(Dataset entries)

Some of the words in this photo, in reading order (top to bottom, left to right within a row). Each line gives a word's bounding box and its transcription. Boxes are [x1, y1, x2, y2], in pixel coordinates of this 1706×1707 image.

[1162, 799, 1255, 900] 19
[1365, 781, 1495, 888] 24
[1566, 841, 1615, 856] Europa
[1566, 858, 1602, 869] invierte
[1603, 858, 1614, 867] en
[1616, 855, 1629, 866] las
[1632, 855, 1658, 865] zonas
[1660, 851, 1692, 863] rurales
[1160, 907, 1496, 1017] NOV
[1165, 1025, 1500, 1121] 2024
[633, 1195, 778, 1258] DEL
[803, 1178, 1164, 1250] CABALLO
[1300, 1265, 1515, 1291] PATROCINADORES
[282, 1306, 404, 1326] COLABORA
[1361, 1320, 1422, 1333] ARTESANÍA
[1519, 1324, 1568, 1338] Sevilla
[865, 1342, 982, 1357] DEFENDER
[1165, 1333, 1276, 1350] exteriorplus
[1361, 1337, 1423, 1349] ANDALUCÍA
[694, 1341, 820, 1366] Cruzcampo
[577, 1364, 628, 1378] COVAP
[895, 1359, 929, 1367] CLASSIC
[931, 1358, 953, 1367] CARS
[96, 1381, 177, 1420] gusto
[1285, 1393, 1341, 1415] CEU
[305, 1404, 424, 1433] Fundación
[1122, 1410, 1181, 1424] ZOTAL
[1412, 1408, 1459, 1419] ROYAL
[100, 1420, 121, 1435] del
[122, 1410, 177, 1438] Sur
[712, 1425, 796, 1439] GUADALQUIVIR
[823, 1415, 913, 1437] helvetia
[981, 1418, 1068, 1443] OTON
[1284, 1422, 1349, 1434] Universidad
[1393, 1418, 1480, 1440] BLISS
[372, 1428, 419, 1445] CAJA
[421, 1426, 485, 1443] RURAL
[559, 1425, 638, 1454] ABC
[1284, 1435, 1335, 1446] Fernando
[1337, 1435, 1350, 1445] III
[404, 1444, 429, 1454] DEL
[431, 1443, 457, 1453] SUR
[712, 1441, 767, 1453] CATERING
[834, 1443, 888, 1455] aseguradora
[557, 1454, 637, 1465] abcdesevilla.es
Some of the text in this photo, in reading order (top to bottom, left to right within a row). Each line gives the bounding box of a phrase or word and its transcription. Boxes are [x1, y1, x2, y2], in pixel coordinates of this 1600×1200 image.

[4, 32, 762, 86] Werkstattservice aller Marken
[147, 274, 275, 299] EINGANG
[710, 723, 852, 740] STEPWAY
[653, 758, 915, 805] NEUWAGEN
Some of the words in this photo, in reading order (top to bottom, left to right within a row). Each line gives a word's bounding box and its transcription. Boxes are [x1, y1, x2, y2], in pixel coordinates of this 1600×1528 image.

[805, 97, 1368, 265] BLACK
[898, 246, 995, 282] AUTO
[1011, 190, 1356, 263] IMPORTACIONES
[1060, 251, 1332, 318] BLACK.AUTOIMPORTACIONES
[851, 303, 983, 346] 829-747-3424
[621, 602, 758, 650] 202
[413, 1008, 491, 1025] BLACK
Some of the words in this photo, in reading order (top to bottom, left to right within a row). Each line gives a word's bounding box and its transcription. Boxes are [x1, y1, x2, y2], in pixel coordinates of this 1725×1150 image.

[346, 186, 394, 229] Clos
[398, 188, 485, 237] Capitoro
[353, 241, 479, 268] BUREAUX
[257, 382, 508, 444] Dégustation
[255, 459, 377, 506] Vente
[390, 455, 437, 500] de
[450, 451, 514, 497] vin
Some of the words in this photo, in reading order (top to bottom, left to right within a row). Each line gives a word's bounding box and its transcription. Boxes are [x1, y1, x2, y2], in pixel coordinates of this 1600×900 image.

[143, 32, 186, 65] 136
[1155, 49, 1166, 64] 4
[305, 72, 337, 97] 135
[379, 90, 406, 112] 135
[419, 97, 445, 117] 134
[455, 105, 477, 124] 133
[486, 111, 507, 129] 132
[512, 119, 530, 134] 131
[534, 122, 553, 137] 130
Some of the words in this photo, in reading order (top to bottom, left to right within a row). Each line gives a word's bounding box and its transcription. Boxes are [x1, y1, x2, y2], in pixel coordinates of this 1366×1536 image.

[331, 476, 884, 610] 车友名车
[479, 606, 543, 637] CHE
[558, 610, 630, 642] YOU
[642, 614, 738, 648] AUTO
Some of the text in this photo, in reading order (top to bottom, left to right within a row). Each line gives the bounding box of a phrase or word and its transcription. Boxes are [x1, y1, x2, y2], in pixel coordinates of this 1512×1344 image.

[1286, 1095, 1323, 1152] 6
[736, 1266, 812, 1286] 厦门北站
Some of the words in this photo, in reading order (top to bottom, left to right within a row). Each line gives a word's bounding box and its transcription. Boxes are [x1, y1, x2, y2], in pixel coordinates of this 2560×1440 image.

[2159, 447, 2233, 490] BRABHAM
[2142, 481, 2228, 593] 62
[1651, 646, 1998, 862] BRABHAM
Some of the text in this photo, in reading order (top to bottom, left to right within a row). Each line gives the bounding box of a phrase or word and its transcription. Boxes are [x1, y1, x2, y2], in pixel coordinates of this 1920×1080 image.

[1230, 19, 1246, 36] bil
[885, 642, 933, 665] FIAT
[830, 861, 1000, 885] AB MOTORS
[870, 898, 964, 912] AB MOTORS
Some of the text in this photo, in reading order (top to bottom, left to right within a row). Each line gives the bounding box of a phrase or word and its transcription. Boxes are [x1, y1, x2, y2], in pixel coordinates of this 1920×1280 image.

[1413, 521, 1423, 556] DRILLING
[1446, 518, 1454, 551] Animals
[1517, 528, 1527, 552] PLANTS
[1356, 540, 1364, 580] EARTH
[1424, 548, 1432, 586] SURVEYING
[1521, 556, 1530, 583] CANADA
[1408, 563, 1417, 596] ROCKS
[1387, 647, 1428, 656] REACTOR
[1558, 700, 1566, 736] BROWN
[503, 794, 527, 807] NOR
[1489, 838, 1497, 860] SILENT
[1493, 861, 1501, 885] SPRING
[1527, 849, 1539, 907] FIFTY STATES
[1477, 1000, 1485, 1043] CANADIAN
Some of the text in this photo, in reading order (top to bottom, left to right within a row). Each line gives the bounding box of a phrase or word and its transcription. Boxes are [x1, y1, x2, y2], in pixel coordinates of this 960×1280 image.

→ **ABOUT THIS TASK**
No lines before the one containing "this 1920×1280 image." belong in the answer; write out that line and each one after it exactly, through the end of the records.

→ **EXERCISE RESULT**
Some of the text in this photo, in reading order (top to bottom, left to right within a row). Each line gives the bounding box of a phrase or word and its transcription. Boxes are [x1, y1, x2, y2], in pixel coordinates of this 1920×1280 image.

[1413, 521, 1423, 556] DRILLING
[1446, 518, 1454, 551] Animals
[1517, 528, 1527, 552] PLANTS
[1356, 540, 1364, 580] EARTH
[1424, 548, 1432, 586] SURVEYING
[1521, 556, 1530, 583] CANADA
[1408, 563, 1417, 596] ROCKS
[1387, 647, 1428, 656] REACTOR
[1558, 700, 1566, 736] BROWN
[503, 794, 527, 807] NOR
[1489, 838, 1497, 860] SILENT
[1493, 861, 1501, 885] SPRING
[1527, 849, 1539, 907] FIFTY STATES
[1477, 1000, 1485, 1043] CANADIAN
Some of the text in this photo, in reading order (top to bottom, left to right within a row). Each line gives the bounding box of a phrase or word and its transcription. Boxes are [x1, y1, x2, y2], in pixel coordinates of this 960×1280 image.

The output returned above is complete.